A finales de los años ochenta, perseguido por judiciales y elementos del Ejército, el Ceja Güera y cerca de veinte pistoleros se refugiaron en el “Triángulo Dorado”, en las sierras que se forman entre Chihuahua, Sinaloa y Durango. Andaban de rancho en rancho, huyendo, cometiendo crímenes menores para malvivir. Hacían tiempo para que se calmaran las aguas. Su persecución se convirtió en prioridad pública después de un ruidoso asalto bancario en Culiacán, Sinaloa.

En la sierra de Chihuahua, a caballo, muy maltratados, dicen, por tantos meses de fuga, como forajidos del Viejo Oeste decidieron asaltar un tren de pasajeros. Lo lograron. Fue a principios de los noventa y se hizo gran escándalo en la región.

Animados, intentaron un segundo asalto armado. Pero esta vez el tren iba repleto de soldados.

–¡Cuál pinche asalto, hijo de la chingada! ¡Aquí se te acabó el corrido! –le gritó un oficial, según la crónica regional. 

Así llegó a Puente Grande, y de allí a La Palma. Así se encontró, años después, entre la crema y nata del narcotráfico en México.

Así lo alcanzó, también, la muerte.

Al corrido, que antes terminaba con su arresto, se le agregó de inmediato una última –ahora sí– estrofa, y así se canta hasta hoy:

Señores, ya me despido,
ustedes perdonarán,
aquí se acaba el corrido
de Miguel Ángel Beltrán...


Una fiesta muy especial

No era un evento político. Tampoco un desfile o un reparto de despensas después-del-desastre (como los que azotan la región cada dos tres años). Por eso la fiesta de ese 30 de abril de 2006 fue tan significativa para los de Piedras Negras. Imagínese: en una ciudad de poco menos de 150,000 habitantes, ver reunidos a miles. No es cosa de todos los días ni que pueda pasar desapercibida.

Las familias llegaron caminando, agarradas de las manos, con sus mejores trapos, haciendo un río de gente desde las colonias más pobres hasta El Cortijo, rancho, restaurante y salón de fiestas en el concurrido libramiento Venustiano Carranza.

Fabricio Vanden Broeck
La invitación, que se publicó en los diarios locales y, según los testimonios, se comunicó también de manera verbal, prometía payasos, pastel y regalos. Y la música de Banda Kañón.

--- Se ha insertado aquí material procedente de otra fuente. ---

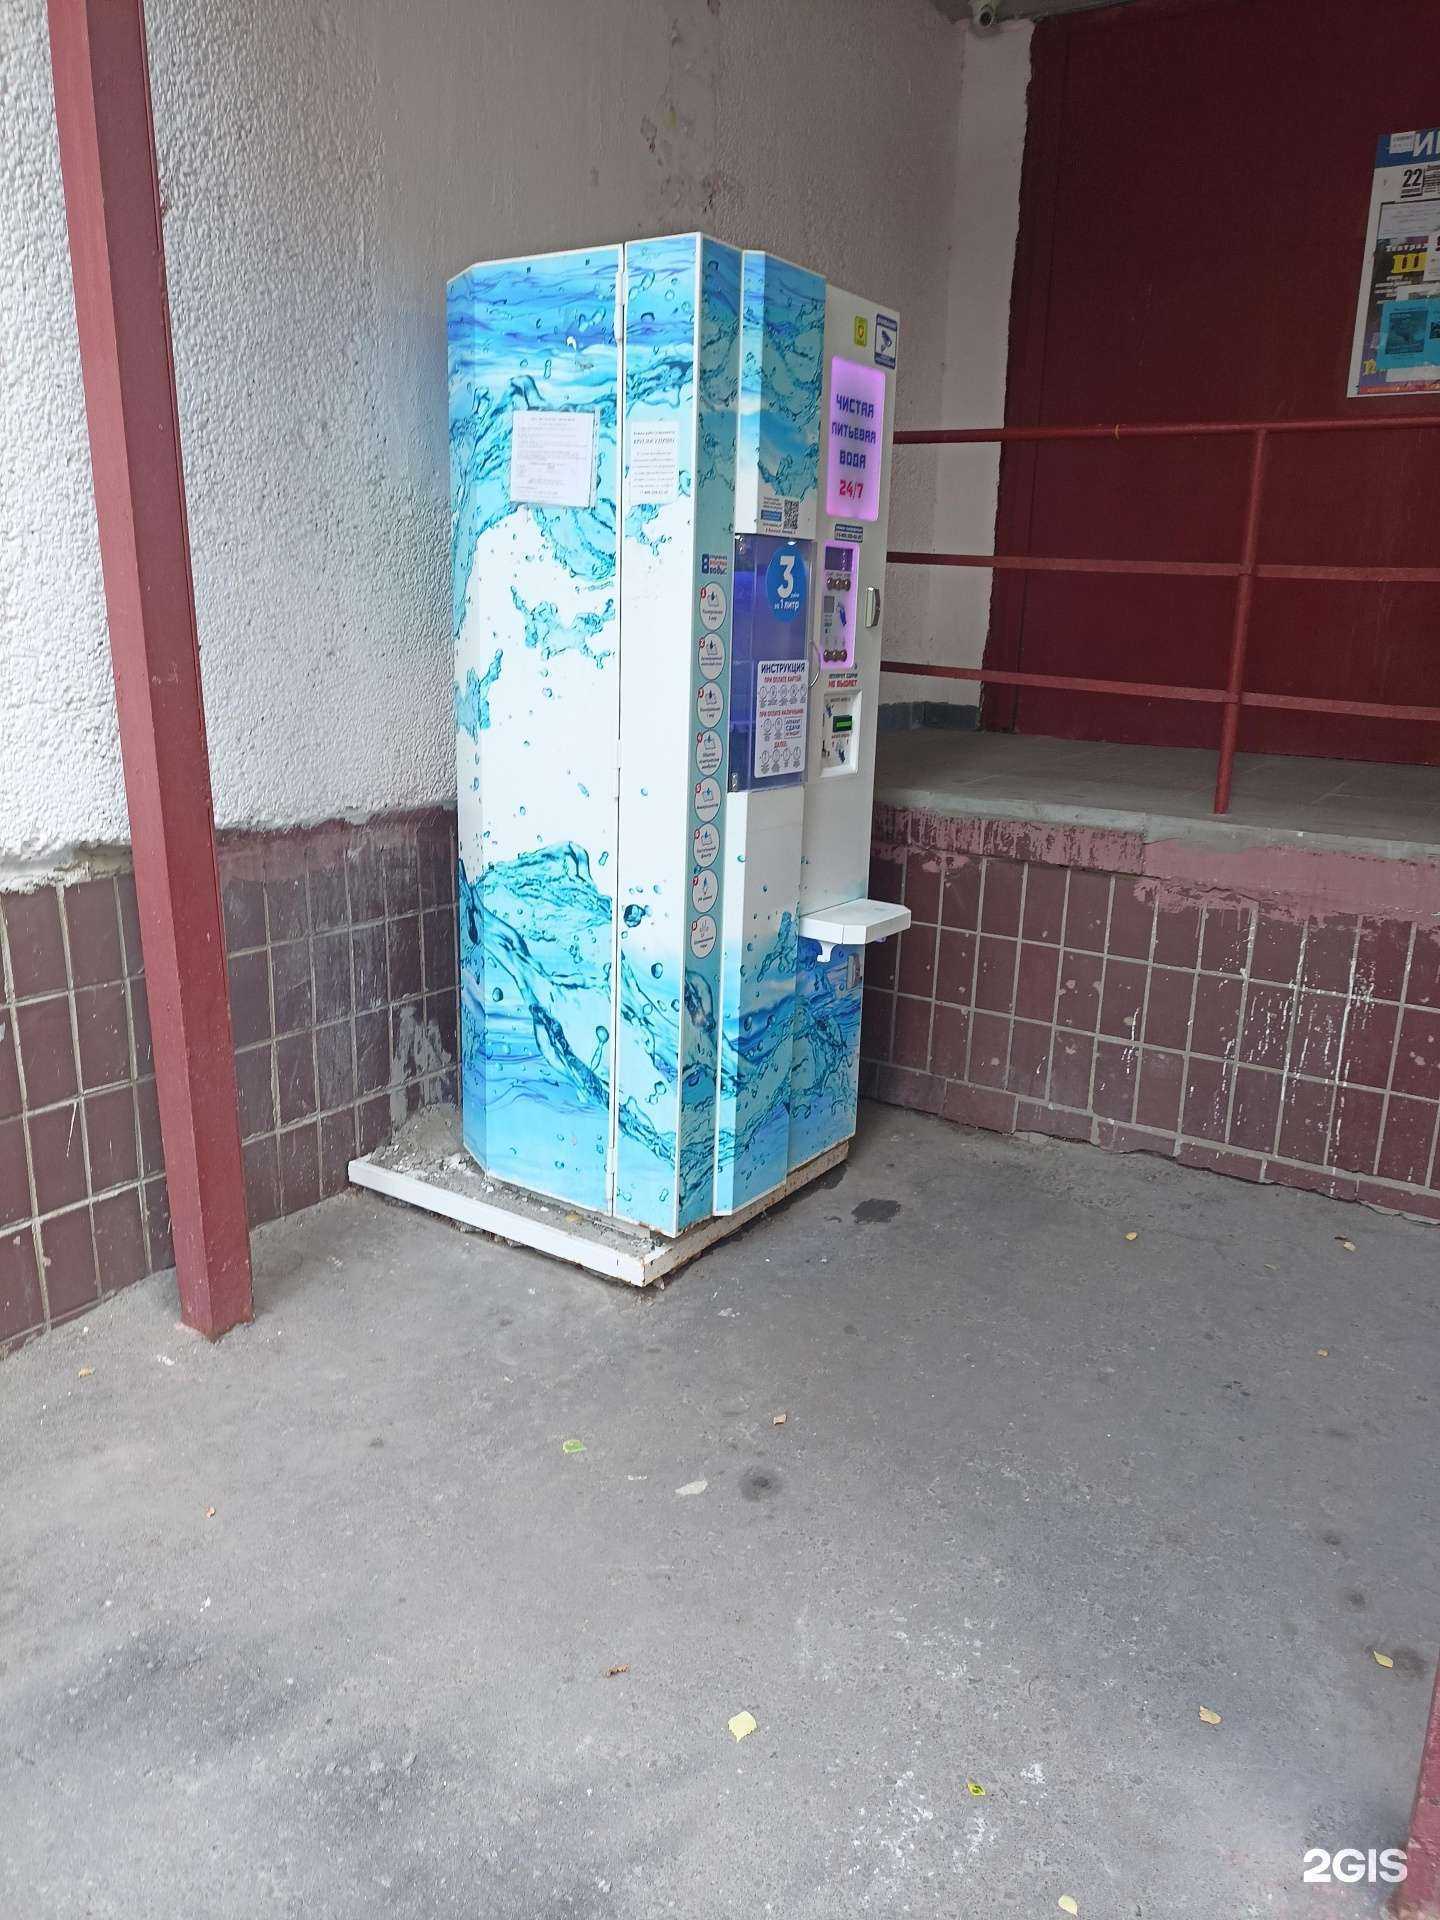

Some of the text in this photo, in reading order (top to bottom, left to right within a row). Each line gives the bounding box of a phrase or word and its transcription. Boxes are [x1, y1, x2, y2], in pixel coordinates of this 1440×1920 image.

[1413, 130, 1440, 157] И
[1402, 168, 1423, 188] 22
[836, 393, 875, 419] ЧИСТАЯ
[831, 422, 876, 445] ПИТЬЕВАЯ
[839, 449, 867, 469] ВОДА
[839, 479, 865, 499] 24/7
[777, 555, 796, 599] 3
[761, 662, 806, 674] ИНСТРУКЦИЯ
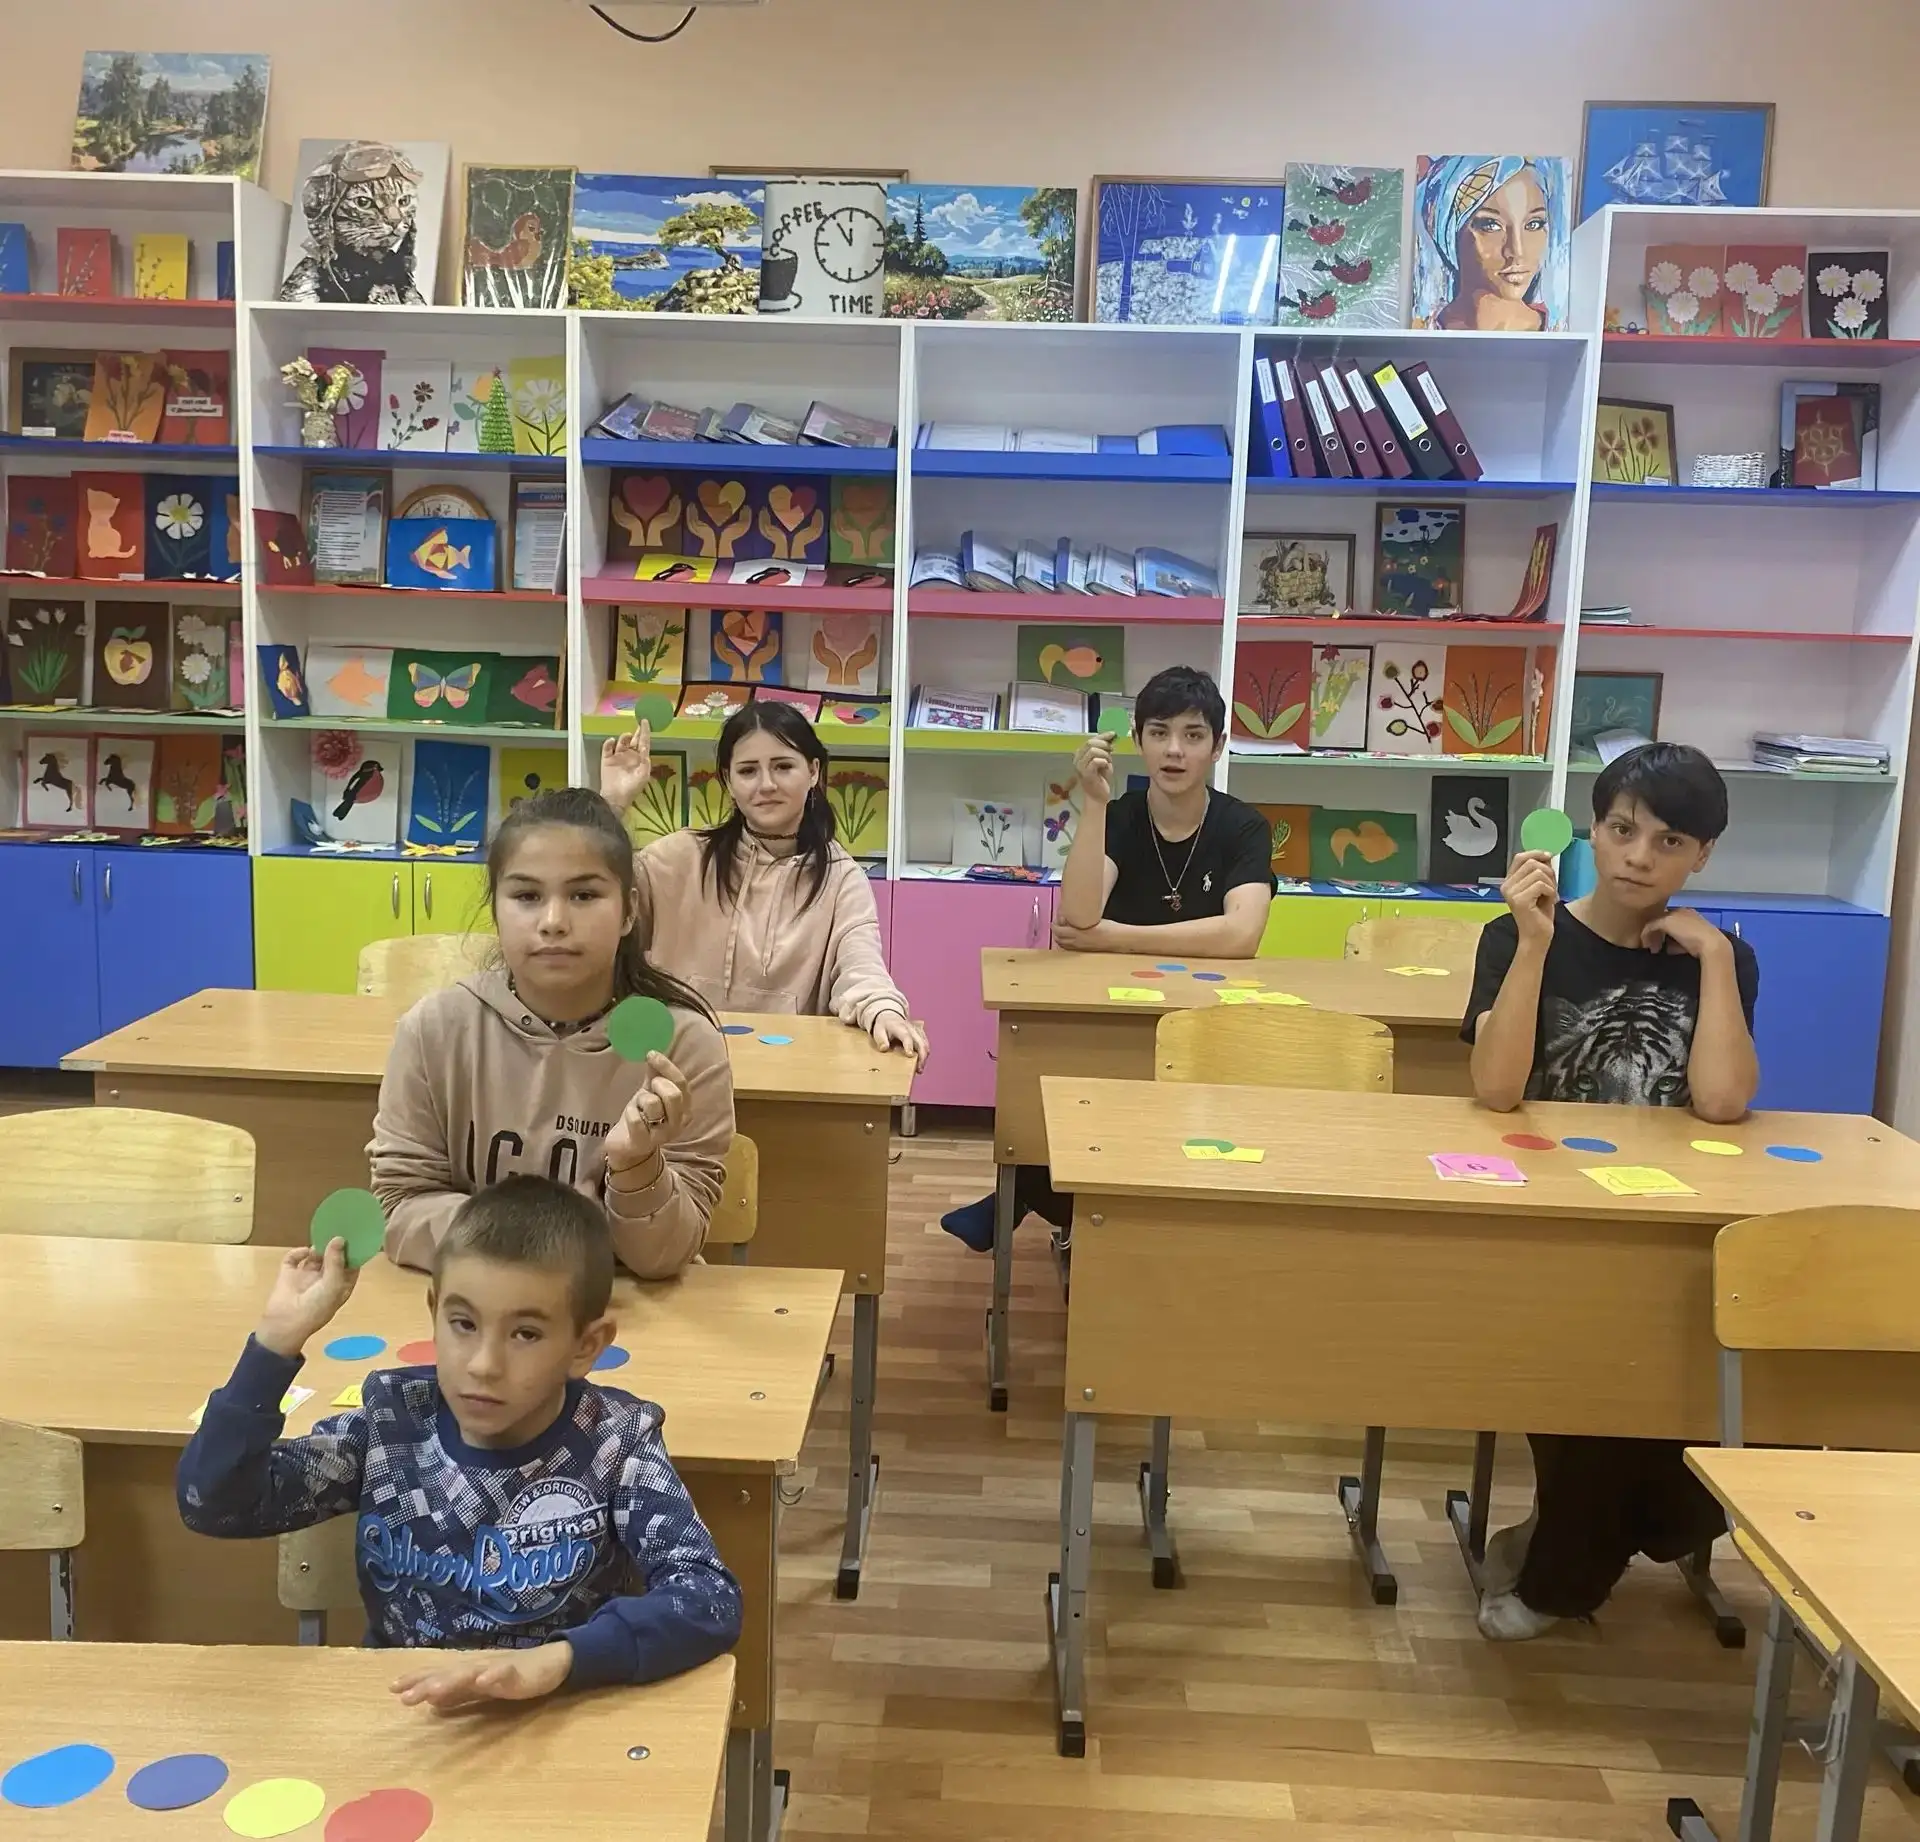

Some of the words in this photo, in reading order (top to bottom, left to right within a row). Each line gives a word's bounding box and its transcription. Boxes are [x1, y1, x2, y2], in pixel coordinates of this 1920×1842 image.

[829, 294, 873, 315] TIME
[556, 1114, 617, 1138] DSQUAR
[508, 1494, 531, 1524] NEW
[543, 1481, 592, 1509] ORIGINAL

Ese Día del Niño, Max Seturino Alcalá, el amenizador, lanzó vivas y porras “al futuro de México”. Los organizadores, identificados como Emir Méndez Dena, dueño de El Cortijo, Wilmar Alejandro Méndez Salazar, José Luis Fernández Hernández, María Ciria Chavarría Menchaca y Norberto Gutiérrez Pulido (averiguación previa PGR/SIEDO/UEIDCS/082/2006) caminaban de un lado a otro vigilando que nadie saliera defraudado. Los chiquillos corrieron emocionados cuando se anunció el reparto de regalos, y los abrieron con regocijo. Hubo gritos, felicidad. Piedras Negras estaba, realmente, de fiesta.

El evento había sido promocionado por el “Zindicato Anónimo Altruizta de PN”. Así, con zetas. El del micrófono pidió un aplauso para su benefactor, “para el señor Osiel”, y la gente respondió, alborozada.

También pidió que leyeran la carta que se había entregado a la entrada de El Cortijo a cada niño. Decía:

“La constancia, la disciplina y el esfuerzo son la base del éxito. Sigue estudiando para que seas un gran ejemplo. Feliz Día del Niño 2006. Con todo mi afecto para el triunfador del mañana, te desea tu amigo Osiel Cárdenas Guillén.” 

La gente fue generosa con sus aplausos.

Ese día, los más jodidos de Piedras Negras vivieron una fiesta muy especial.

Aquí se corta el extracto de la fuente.